■ **Exercise**: Once the images are removed, set down everything else in the listing below exactly.

■ **Provided material**:
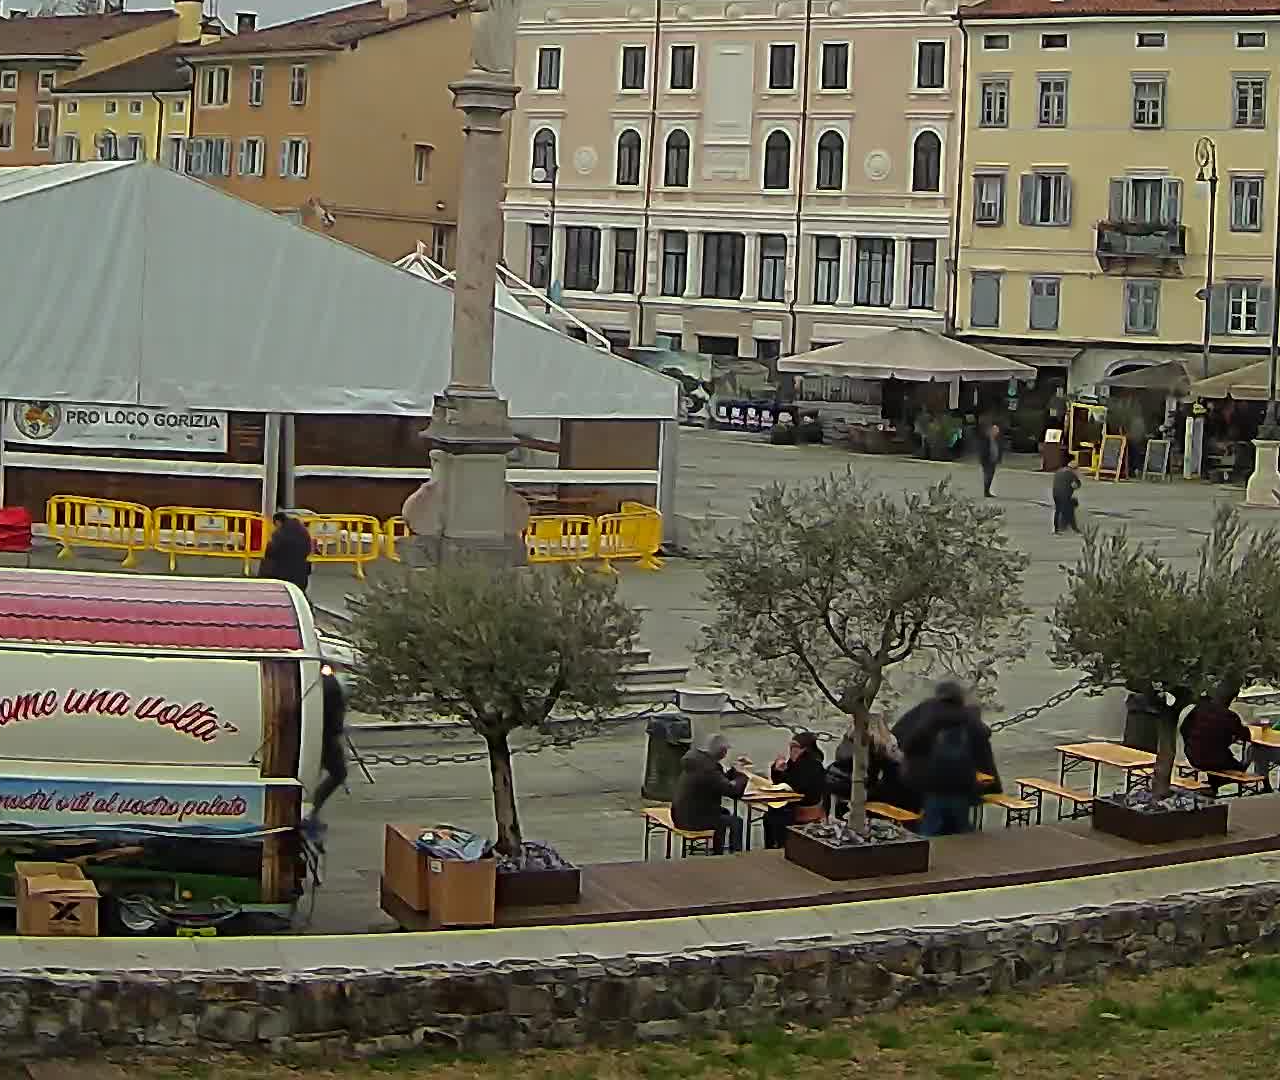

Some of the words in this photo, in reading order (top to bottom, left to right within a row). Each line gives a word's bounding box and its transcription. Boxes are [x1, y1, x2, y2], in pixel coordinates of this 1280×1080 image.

[66, 410, 100, 424] PRO
[104, 410, 149, 426] LOCO
[153, 413, 220, 428] GORIZIA
[63, 687, 131, 716] una
[55, 790, 95, 812] orti
[92, 792, 120, 813] al
[118, 795, 179, 816] vostro
[177, 794, 247, 823] palato

■ **Answer section**:
Some of the words in this photo, in reading order (top to bottom, left to right within a row). Each line gives a word's bounding box and its transcription. Boxes are [x1, y1, x2, y2], in pixel coordinates of this 1280×1080 image.

[66, 410, 100, 424] PRO
[104, 410, 149, 426] LOCO
[153, 413, 220, 428] GORIZIA
[63, 687, 131, 716] una
[55, 790, 95, 812] orti
[92, 792, 120, 813] al
[118, 795, 179, 816] vostro
[177, 794, 247, 823] palato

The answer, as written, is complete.